■ DIRECTIONS FOR THIS TASK ■
The entries are to be returned exactly, with images left out.

*** SUPPLIED MATERIAL Section Begins ***

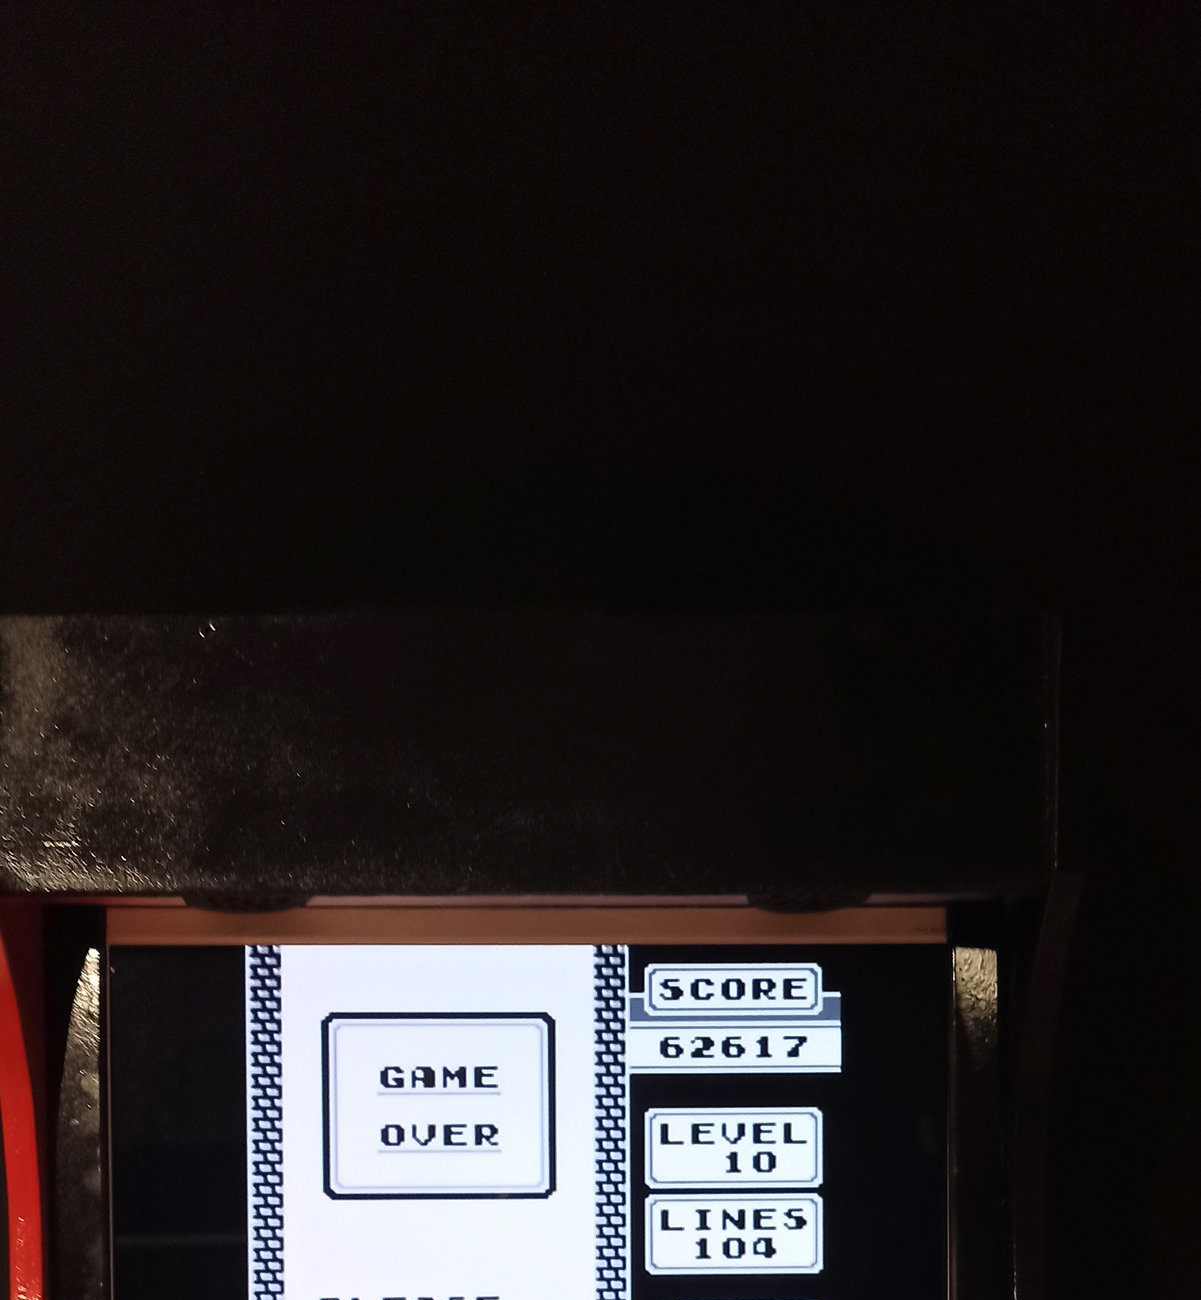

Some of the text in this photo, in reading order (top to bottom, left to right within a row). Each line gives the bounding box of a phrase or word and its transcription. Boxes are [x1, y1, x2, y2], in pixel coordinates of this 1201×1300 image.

[660, 978, 807, 1001] SCORE
[660, 1036, 807, 1059] 62617
[380, 1065, 499, 1089] GAME
[380, 1123, 499, 1147] OVER
[660, 1122, 807, 1145] LEVEL
[726, 1151, 777, 1174] 10
[660, 1208, 807, 1231] LINES
[695, 1237, 777, 1260] 104

*** SUPPLIED MATERIAL Section Ends ***

■ WRITTEN RESPONSE ■
Some of the text in this photo, in reading order (top to bottom, left to right within a row). Each line gives the bounding box of a phrase or word and its transcription. Boxes are [x1, y1, x2, y2], in pixel coordinates of this 1201×1300 image.

[660, 978, 807, 1001] SCORE
[660, 1036, 807, 1059] 62617
[380, 1065, 499, 1089] GAME
[380, 1123, 499, 1147] OVER
[660, 1122, 807, 1145] LEVEL
[726, 1151, 777, 1174] 10
[660, 1208, 807, 1231] LINES
[695, 1237, 777, 1260] 104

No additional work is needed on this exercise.